A dark and menacing sounding song, "Ballad of a Thin Man" addresses a certain "Mr. Jones", telling him that he simply doesn't know what's "happening." The song's lyrics have Mr. Jones facing a wild, nonsensical, and hallucinatory world and the character is portrayed as a clueless poser who cannot deal with it all.

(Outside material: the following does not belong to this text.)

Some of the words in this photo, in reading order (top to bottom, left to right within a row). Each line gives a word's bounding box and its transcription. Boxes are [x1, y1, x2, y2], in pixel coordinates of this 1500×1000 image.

The "identity" of Mr. Jones has long been in dispute. When asked about it in an interview in 1965, Dylan responded:

He's a pinboy. He also wears suspenders. He's a real person. You know him, but not by that name... I saw him come into the room one night and he looked like a camel. He proceeded to put his eyes in his pocket. I asked this guy who he was and he said, "That's Mr. Jones." Then I asked this cat, "Doesn't he do anything but put his eyes in his pocket?" And he told me, "He puts his nose on the ground." It's all there, it's a true story.

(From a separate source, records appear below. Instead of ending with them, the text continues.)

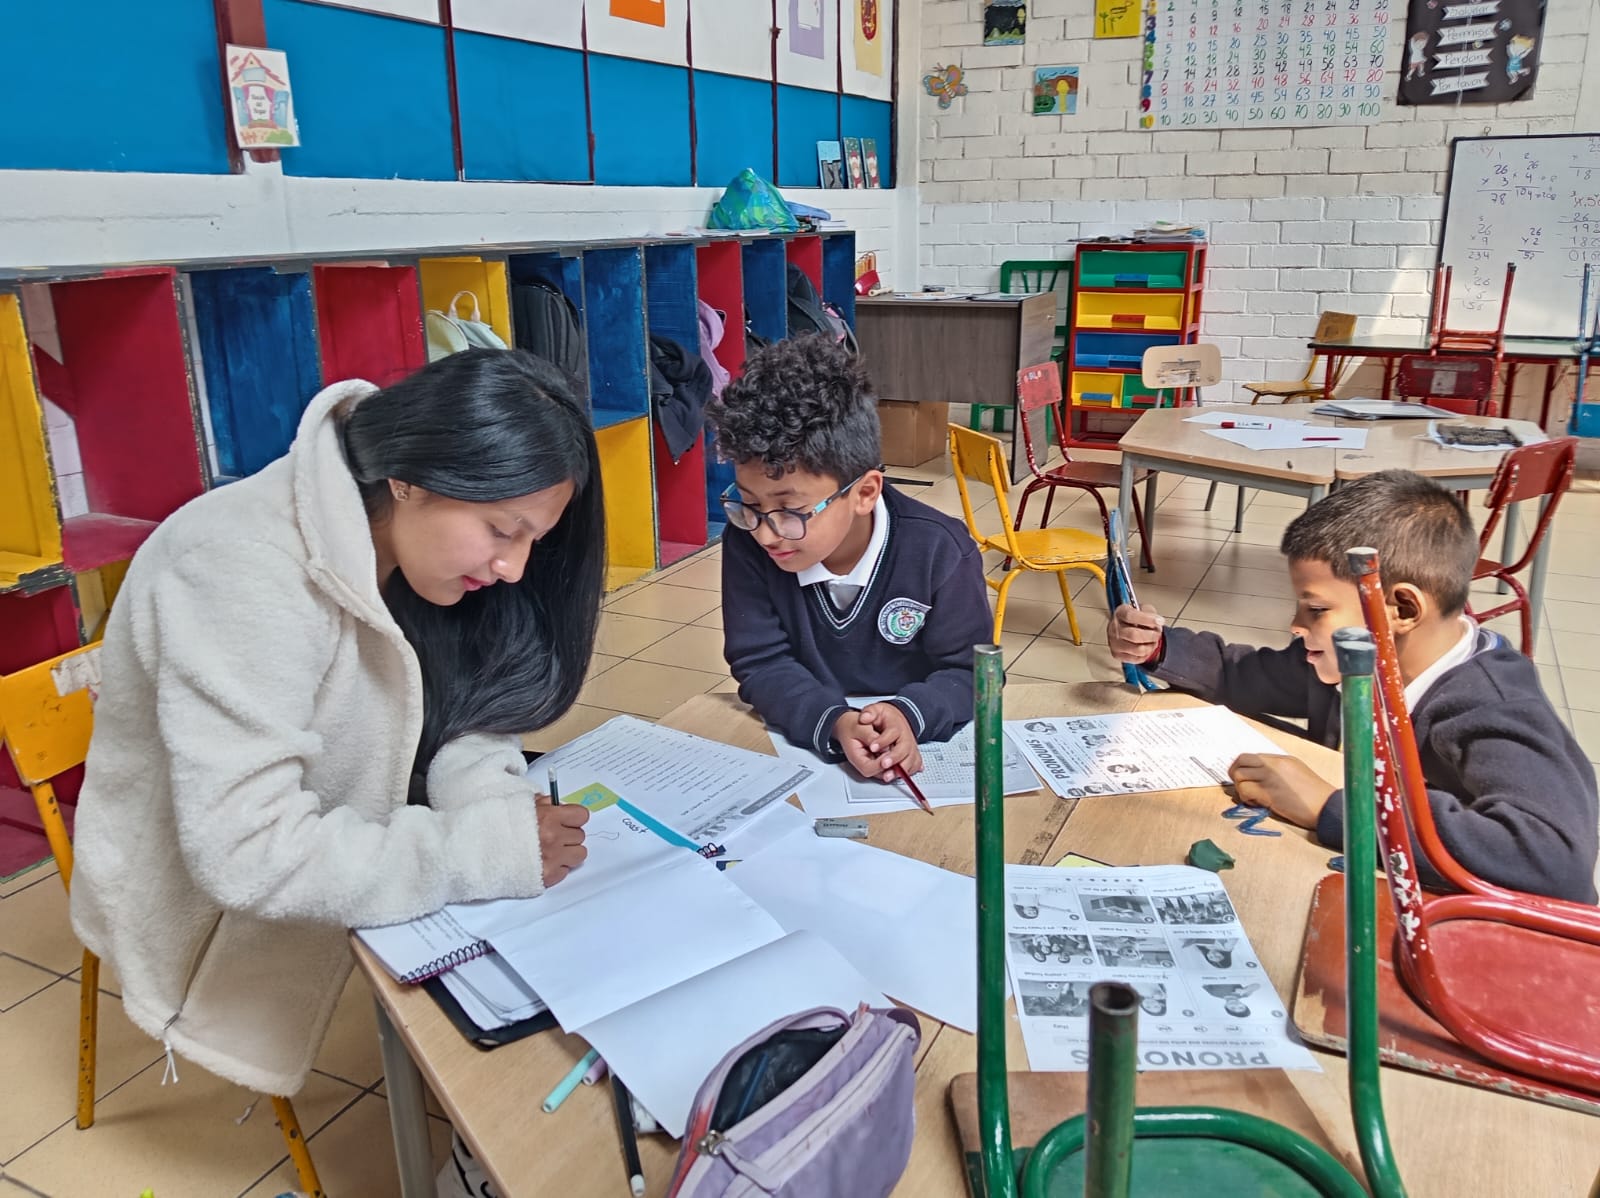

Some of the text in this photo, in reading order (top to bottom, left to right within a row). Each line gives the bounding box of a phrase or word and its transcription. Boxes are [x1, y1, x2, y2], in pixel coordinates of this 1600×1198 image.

[1167, 2, 1175, 11] 2
[1146, 16, 1156, 31] 3
[1168, 16, 1174, 27] 3
[1190, 12, 1196, 24] 6
[1212, 10, 1218, 21] 9
[1233, 7, 1243, 17] 12
[1259, 5, 1269, 15] 15
[1281, 3, 1291, 14] 18
[1304, 2, 1315, 13] 21
[1325, 0, 1336, 11] 24
[1146, 29, 1156, 43] 4
[1190, 26, 1196, 38] 8
[1209, 24, 1218, 36] 12
[1233, 22, 1241, 33] 16
[1256, 17, 1269, 30] 20
[1278, 15, 1290, 28] 24
[1302, 14, 1315, 27] 28
[1325, 13, 1336, 26] 32
[1348, 13, 1358, 25] 36
[1374, 12, 1388, 25] 40
[1166, 43, 1172, 54] 5
[1187, 42, 1197, 53] 10
[1208, 40, 1217, 52] 15
[1229, 37, 1240, 48] 20
[1253, 33, 1267, 46] 25
[1277, 31, 1289, 45] 30
[1300, 30, 1312, 43] 35
[1323, 30, 1336, 42] 40
[1346, 28, 1360, 40] 45
[1373, 26, 1387, 38] 50
[1163, 56, 1169, 67] 6
[1184, 55, 1197, 66] 12
[1206, 53, 1217, 64] 18
[1227, 50, 1239, 63] 24
[1253, 48, 1266, 60] 30
[1276, 46, 1288, 59] 36
[1299, 44, 1312, 60] 42
[1323, 44, 1335, 57] 48
[1344, 42, 1358, 55] 54
[1370, 39, 1384, 54] 60
[1144, 54, 1384, 84] 7 7 14 21 28 35 42 49 56 63 70
[1161, 82, 1168, 96] 8
[1184, 81, 1194, 94] 16
[1203, 79, 1217, 92] 24
[1227, 79, 1240, 90] 32
[1252, 76, 1264, 88] 40
[1273, 74, 1288, 87] 48
[1298, 73, 1311, 84] 56
[1320, 71, 1334, 84] 64
[1344, 69, 1356, 82] 72
[1367, 69, 1384, 83] 80
[1141, 85, 1380, 112] 9 9 18 27 36 45 54 63 72 81 90
[1160, 115, 1171, 126] 10
[1181, 112, 1197, 125] 20
[1203, 110, 1218, 123] 30
[1225, 108, 1239, 121] 40
[1248, 107, 1263, 120] 50
[1271, 106, 1286, 120] 60
[1295, 104, 1308, 119] 70
[1317, 104, 1333, 119] 80
[1339, 103, 1351, 117] 90
[1358, 103, 1380, 117] 100
[1493, 164, 1508, 175] 26
[1501, 176, 1509, 187] 3
[1525, 172, 1532, 184] 4
[1491, 192, 1507, 206] 78
[1573, 212, 1589, 222] 26
[1477, 223, 1493, 235] 26
[1530, 227, 1542, 236] 26
[1481, 236, 1489, 246] 9
[1532, 237, 1539, 246] 2
[1468, 251, 1490, 261] 234
[1473, 277, 1491, 286] 26
[1025, 739, 1070, 780] PRONOUNS
[1071, 1050, 1270, 1067] PRONOS

Jerry Garcia of the Grateful Dead, in a 1981 interview recounted in David Gans' book Conversations with the Dead: The Grateful Dead Interview Book (New York: Citadel Underground, 1991), said that "'Ballad of a Thin Man' tells that person who's lame that they're lame, why they're lame, which is a very satisfying thing to do. Certainly something everybody knows about."

In a mid-1980s interview with Q magazine, Dylan appeared to identify Mr. Jones as Max Jones, a former Melody Maker critic, supporting the theory that "Mr. Jones" was simply one of the many music critics who didn't "get" Dylan's songs, especially the more surreal ones he wrote in the mid-1960s.

Yer Blues, from The Beatles' White Album, references the song. It contains the lyric I feel so suicidal, just like Dylan's Mr. Jones...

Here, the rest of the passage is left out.